What Each Term Means

  • \(\mathbb{E}_{q_\phi}[\log p_\theta(x \mid z)]\)reconstruction. Sample a code \(z\) from the encoder, decode it, and evaluate the log-likelihood of the original \(x\). For Gaussian likelihood with fixed variance this reduces to negative MSE up to constants; for Bernoulli likelihood this is negative cross-entropy per pixel.
  • \(\mathrm{KL}(q_\phi(z \mid x) \,\|\, p(z))\)regularization. Pulls the encoder toward the prior. This is what prevents the encoder from making each \(q_\phi(\cdot \mid x)\) a different delta function (which would maximize reconstruction but destroy the generative structure).

Why This Decomposition Matters

The split \((\star)\) is more than algebraic convenience: each piece is independently estimable and differentiable.

  • The KL term has a closed form when \(q_\phi\) and \(p\) are both Gaussian — no Monte Carlo needed. For diagonal \(q_\phi(z \mid x) = \mathcal{N}(\mu_\phi(x), \operatorname{diag}(\sigma_\phi(x)^2))\) and \(p(z) = \mathcal{N}(0, I)\), \(\mathrm{KL} = \tfrac{1}{2} \sum_i (\mu_{\phi, i}^2 + \sigma_{\phi, i}^2 - \log \sigma_{\phi, i}^2 - 1)\).
  • The reconstruction term requires a Monte Carlo estimate over \(z \sim q_\phi(\cdot \mid x)\), which is where the reparameterization trick earns its keep — gradients flow through the sample, and the variance is small.

The Tightness Gap

The ELBO equals \(\log p_\theta(x)\) minus the KL between the encoder and the true posterior:

\[ \log p_\theta(x) - \mathcal{L}_{\text{VAE}}(\theta, \phi; x) = \mathrm{KL}\!\left(q_\phi(z \mid x) \,\|\, p_\theta(z \mid x)\right). \]

So the VAE is implicitly fitting \(q_\phi\) to the true posterior. With a Gaussian encoder this fit is structurally limited if the true posterior is multimodal — explaining why richer encoder families (normalizing flows, hierarchical encoders) tighten the bound and improve test-set log-likelihood.

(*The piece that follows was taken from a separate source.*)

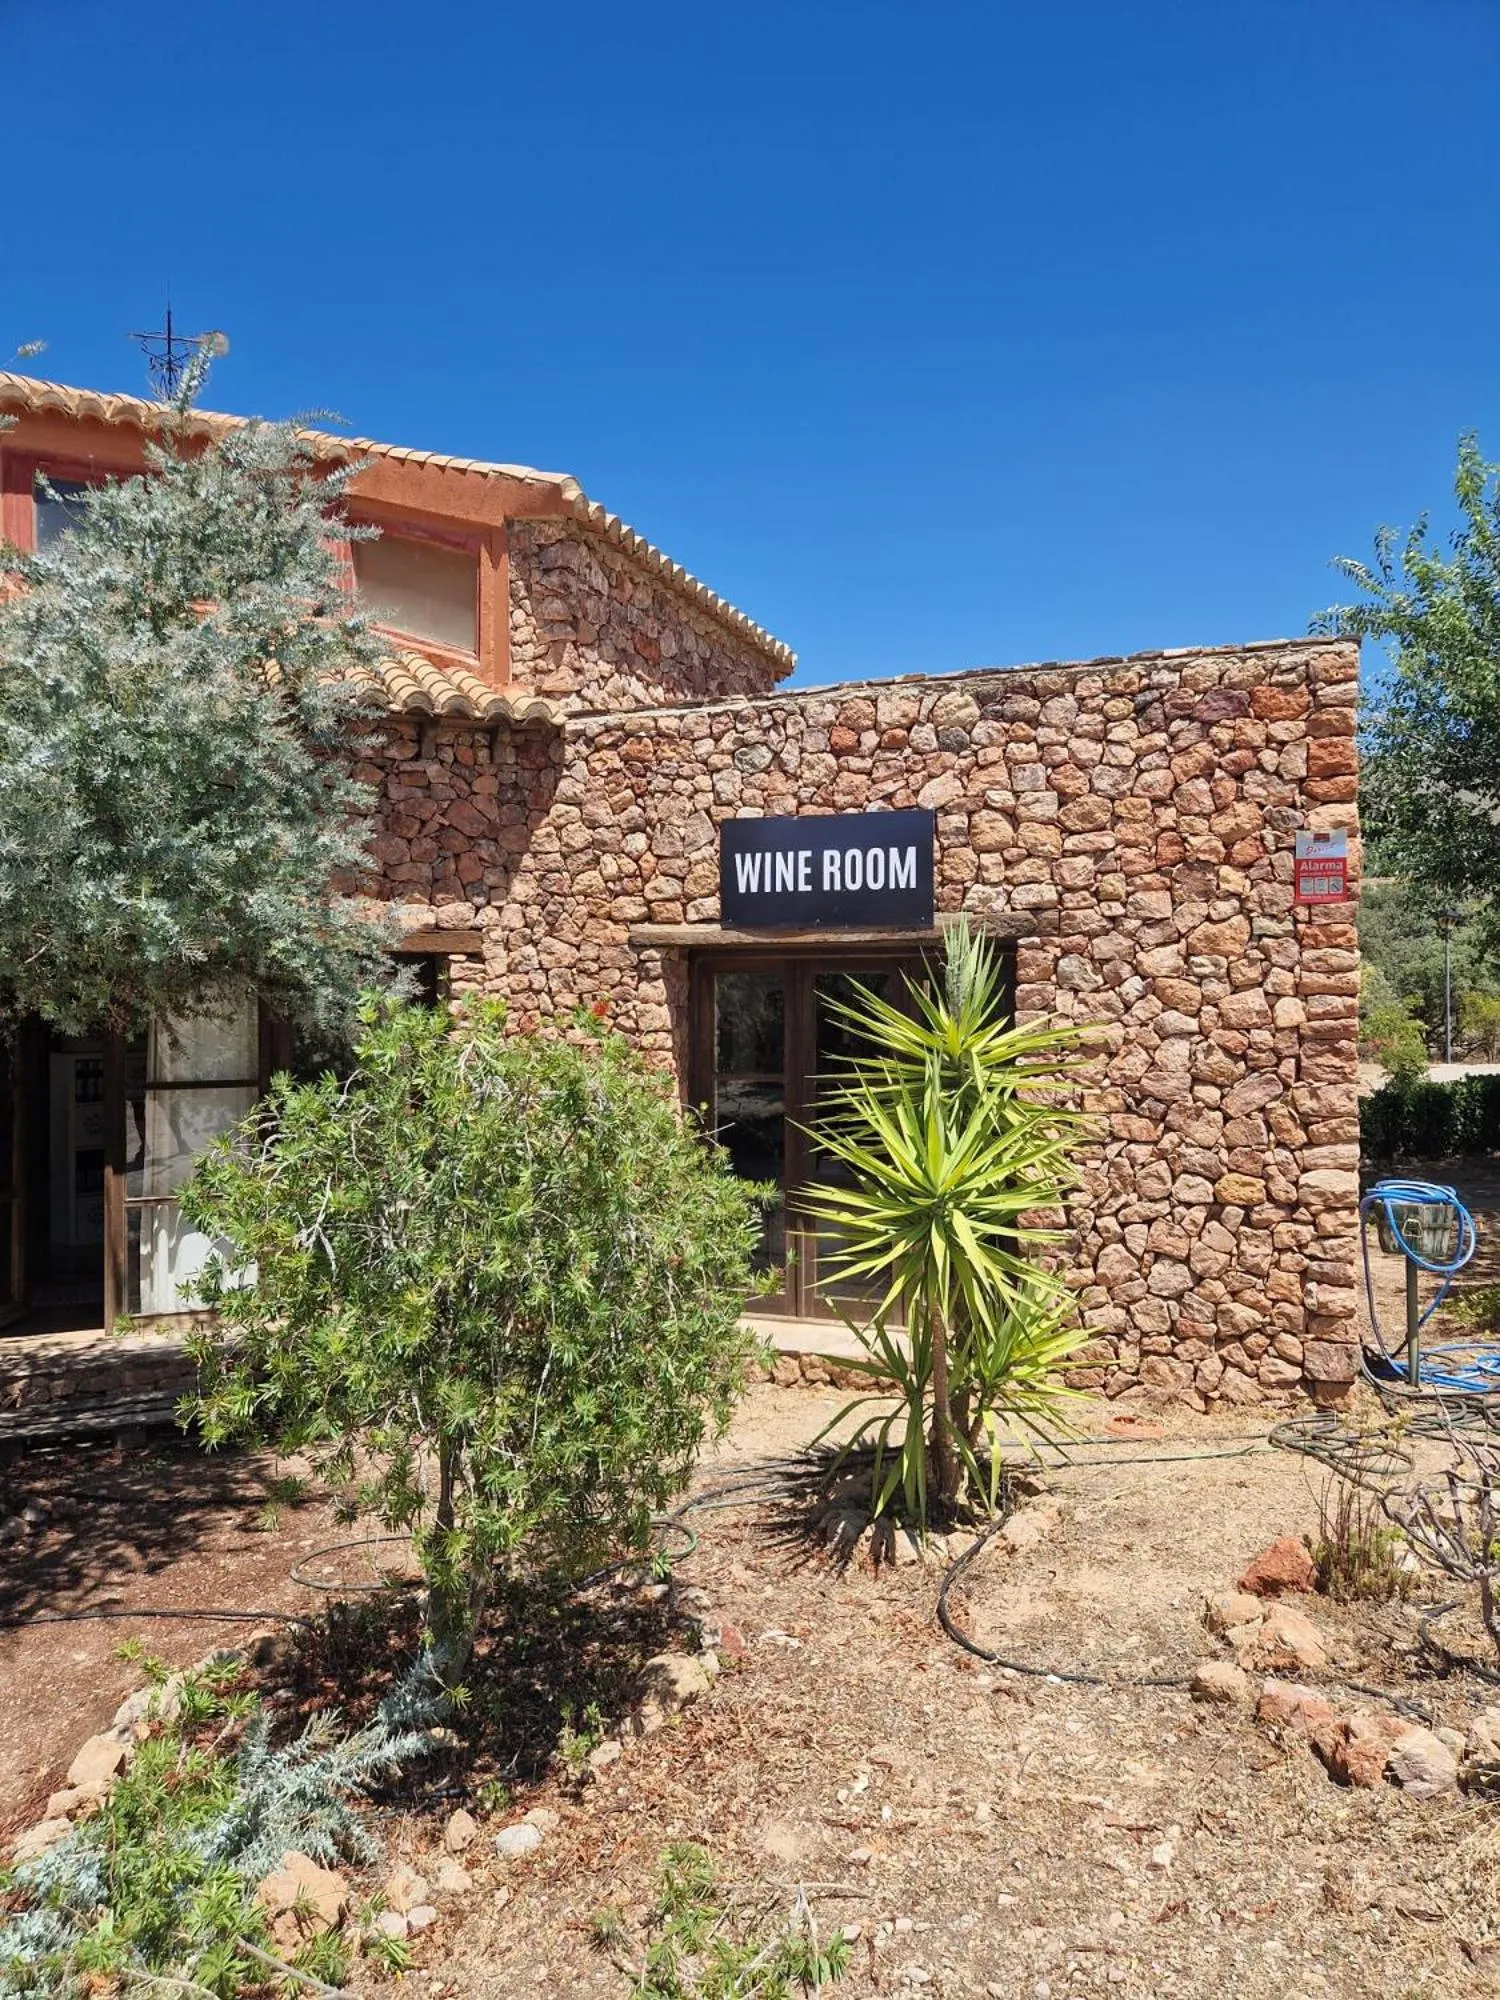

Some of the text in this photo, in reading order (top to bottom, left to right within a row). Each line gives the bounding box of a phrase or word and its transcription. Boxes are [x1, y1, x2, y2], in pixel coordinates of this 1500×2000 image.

[735, 846, 917, 893] WINE ROOM
[1300, 860, 1343, 871] Alarma

Comparison: EM vs. VAE on the Same Bound

Expectation-maximization and the VAE both maximize the ELBO. The difference is in how they handle \(q\):

  • EM uses \(q^{(t)}(z) = p_{\theta^{(t)}}(z \mid x)\), the true posterior at the current parameters. Tractable only when the posterior has closed form.
  • VAE uses a parametric \(q_\phi(z \mid x)\) and trains \(\phi\) jointly with \(\theta\). Sacrifices tightness for tractability — works for any decoder \(p_\theta\) as long as we can sample from \(q_\phi\) and evaluate its density.

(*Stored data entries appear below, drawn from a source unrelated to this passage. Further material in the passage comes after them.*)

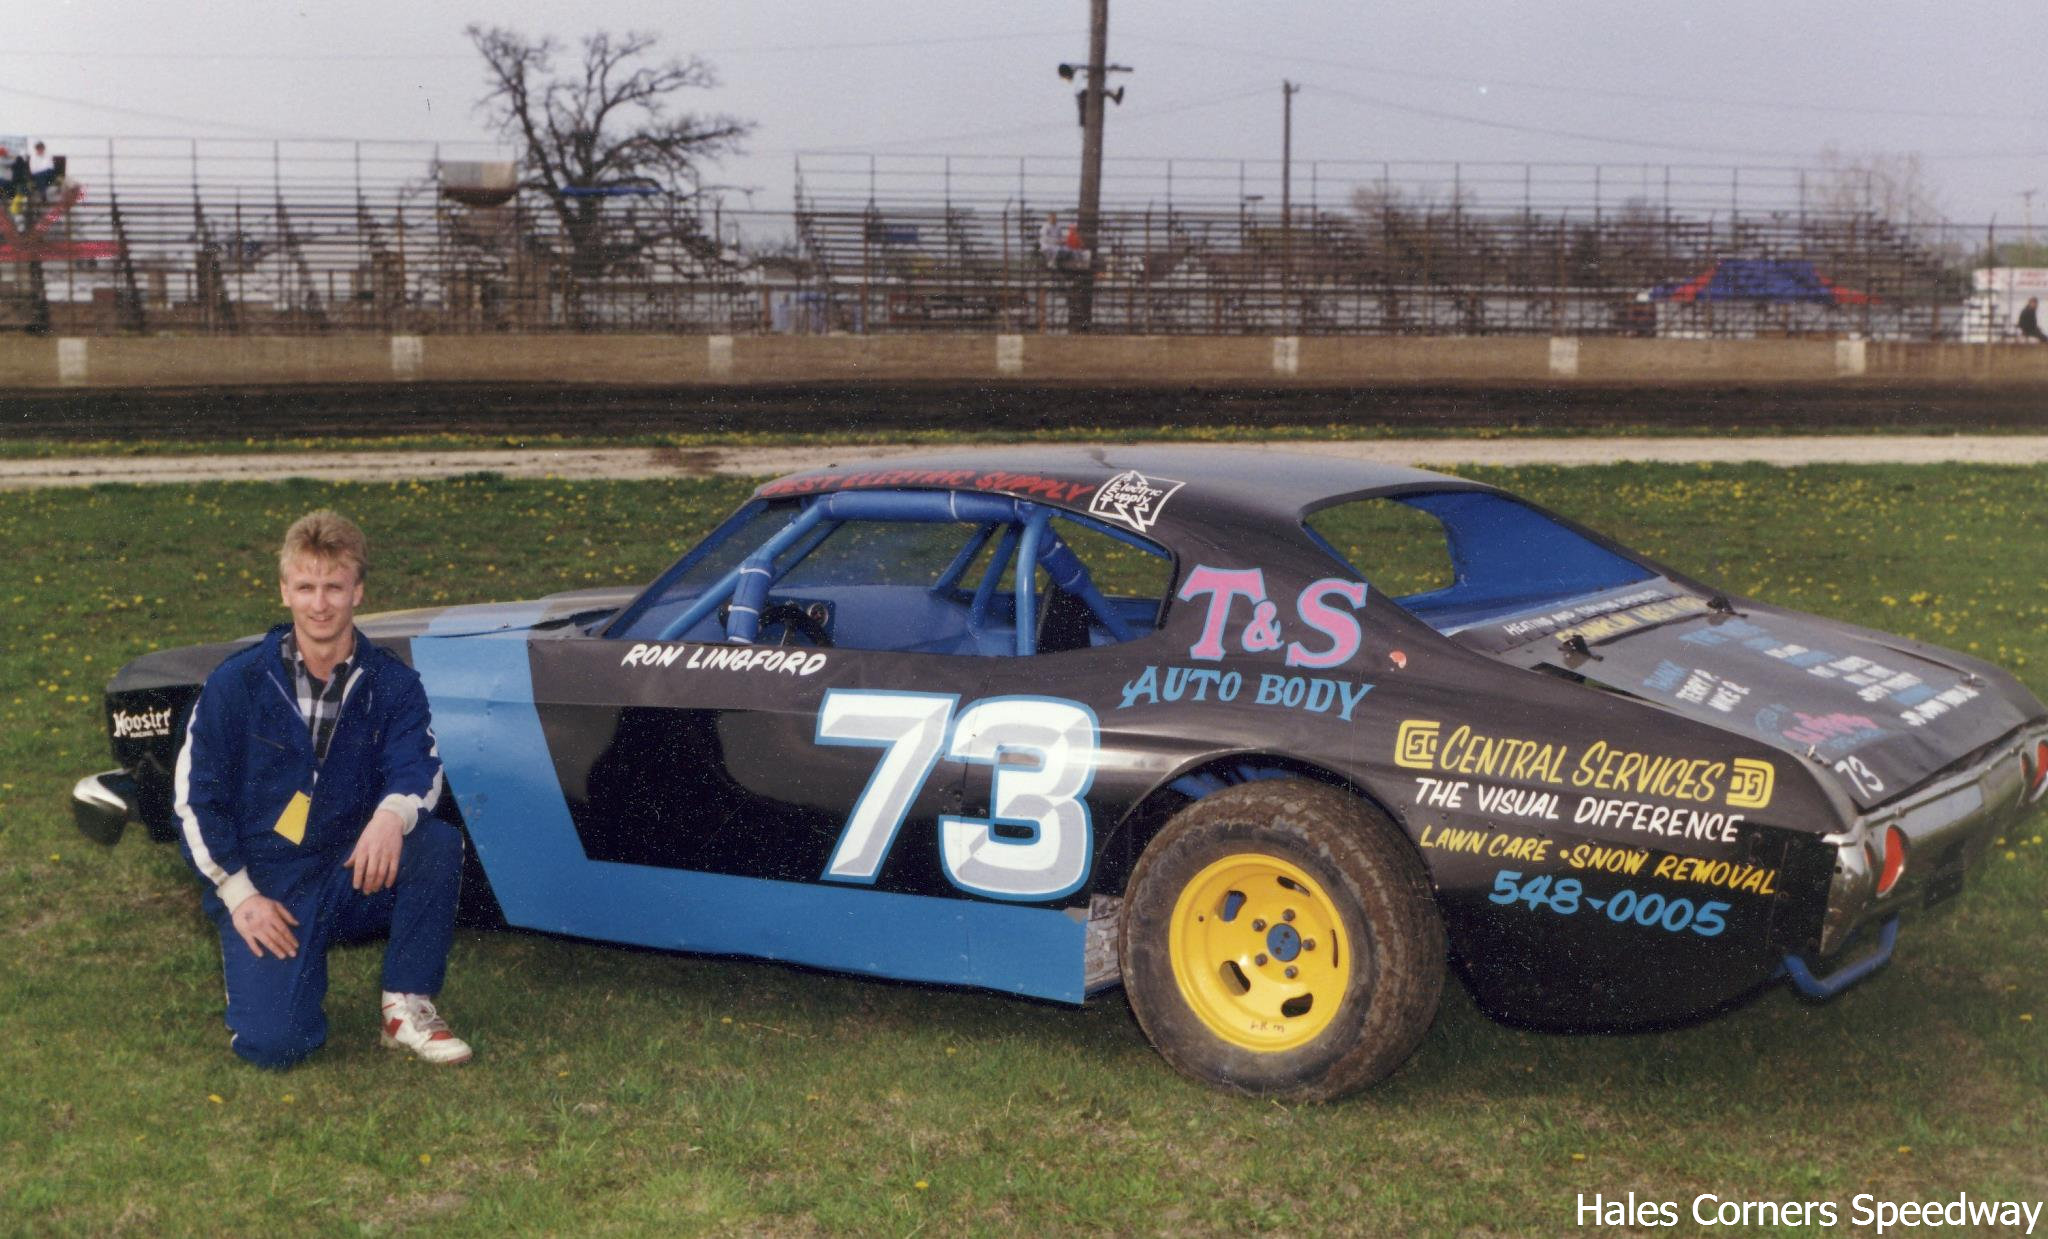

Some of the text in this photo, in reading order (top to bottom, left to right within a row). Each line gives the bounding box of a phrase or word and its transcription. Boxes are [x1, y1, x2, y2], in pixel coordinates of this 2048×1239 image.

[976, 471, 1096, 501] SUPPLY
[1176, 564, 1369, 669] T&S
[620, 643, 828, 676] RON LINGFORD
[1116, 665, 1376, 722] AUTO BODY
[814, 687, 1100, 902] 73
[1440, 725, 1563, 784] CENTRAL
[1572, 740, 1725, 801] SERVICES
[1834, 755, 1885, 799] 73
[1415, 777, 1744, 842] THE VISUAL DIFFERENCE
[1420, 825, 1487, 855] LAWN
[1488, 833, 1553, 862] CARE
[1654, 855, 1778, 895] REMOVAL
[1488, 869, 1732, 938] 548-0005

This is the precise sense in which the VAE is “amortized variational EM”: one network’s worth of \(\phi\) replaces the per-datapoint posterior computation of the E-step.

References

Kingma, Diederik P., and Max Welling. 2013. “Auto-Encoding Variational Bayes.” arXiv Preprint arXiv:1312.6114. https://arxiv.org/abs/1312.6114.